Seeing these relevant finished products can help create enthusiasm for math while highlighting its real-world applications.
In the classroom, you can try engaging your students with a video tutorial like this one that shows an animator at work. Show them how animators and multimedia artists use a wide variety of algebraic and geometric principles to render seemingly lifelike images onto the screen.
Putting the Pieces Together
Once they’ve seen the animator in action, you can point students to problems in their own textbooks that represent the actions of the working artists. The process of creating an image begins by plotting different elements onto a coordinate grid, along with x-y intercepts to form the basis of the image that’s being created. This allows the animator to control movement and eventually add layers of detail to a character, such as hair color, texture, and style.
Here’s an example of an online problem that asks students to plot proportional relationships. Show your students how the x and y axes enable them to recalculate the plane’s measurements with correct proportions.

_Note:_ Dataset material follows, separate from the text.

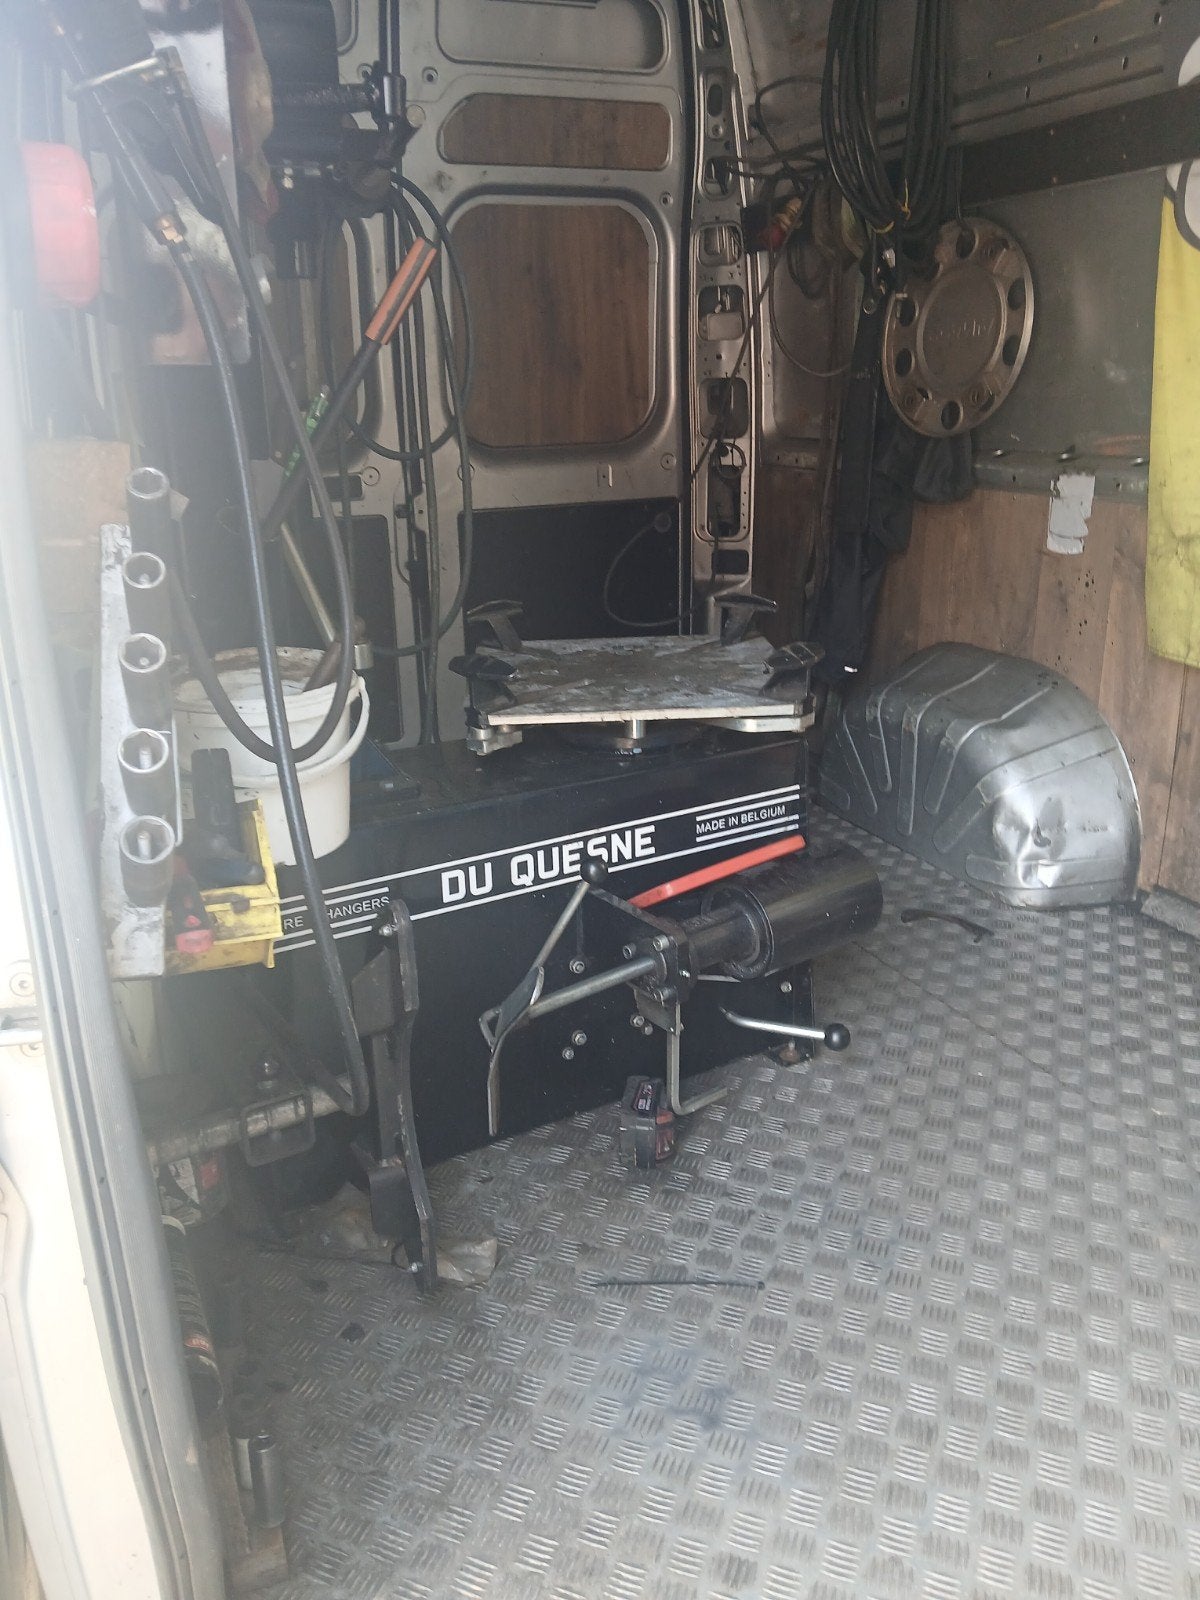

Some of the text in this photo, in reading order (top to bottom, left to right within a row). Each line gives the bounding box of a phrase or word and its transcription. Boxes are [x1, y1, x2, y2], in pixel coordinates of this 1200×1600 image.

[696, 805, 786, 834] MADE IN BELGIUM
[441, 825, 656, 903] DU QUESNE
[283, 896, 390, 930] RE HANGERS

Easy Access to Real-World Practice
With so many students owning mobile devices today, giving them a hands-on experience and a head start in animation is much easier than it used to be. Easy-to-access smartphone apps allow users to create video effects as well as animated titles and gifs. It’s a great way to generate interest in further exploration.
For those with a more advanced skillset—particularly in high school—Adobe® software offers a few visual effects and motion graphics programs, including After Effects and Character Animator, that can help take their creativity to a whole new level.
There’s nothing like the pride of a creative “a-ha” moment for motivating students to put their math skills to work.
Learn more about math-related career options that may be of interest to your students in our downloadable Numeracy Counts Career eBook. It’s a great classroom resource that can help motivate your students to discover a newfound appreciation for math and number sense.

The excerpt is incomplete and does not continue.